───── EXCERPTED RECORDS

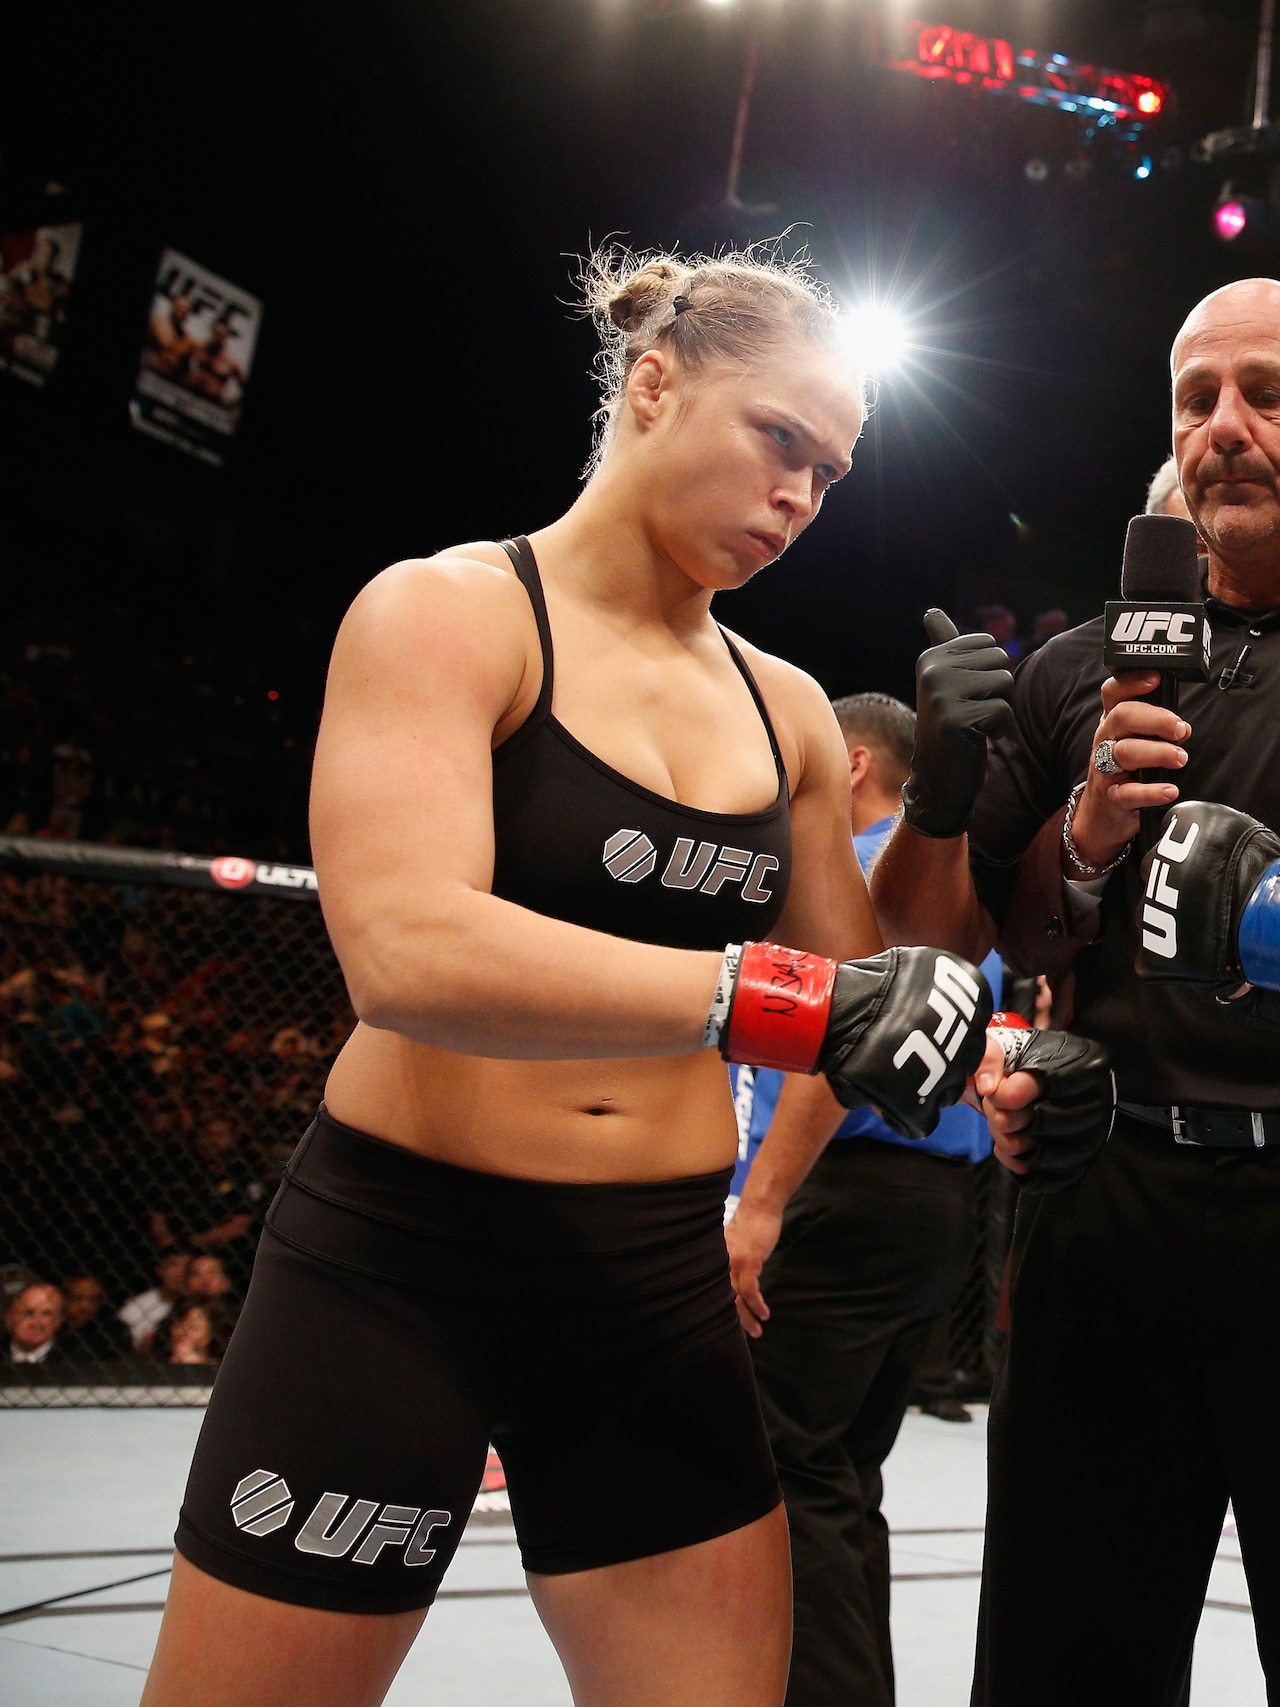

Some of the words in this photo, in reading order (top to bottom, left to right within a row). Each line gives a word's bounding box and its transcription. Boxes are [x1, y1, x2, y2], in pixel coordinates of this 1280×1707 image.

[1110, 611, 1196, 643] UFC
[1125, 644, 1178, 654] UFC.COM
[660, 836, 780, 903] UFC
[1142, 816, 1200, 959] UFC
[892, 955, 980, 1098] UFC
[294, 1491, 452, 1567] UFC

──────────

◆ PROBLEM REQUIREMENTS: Before printing anything, remove the pictures; then print all the records exactly.

◆ EXERCISE ANSWER:
Some of the words in this photo, in reading order (top to bottom, left to right within a row). Each line gives a word's bounding box and its transcription. Boxes are [x1, y1, x2, y2], in pixel coordinates of this 1280×1707 image.

[1110, 611, 1196, 643] UFC
[1125, 644, 1178, 654] UFC.COM
[660, 836, 780, 903] UFC
[1142, 816, 1200, 959] UFC
[892, 955, 980, 1098] UFC
[294, 1491, 452, 1567] UFC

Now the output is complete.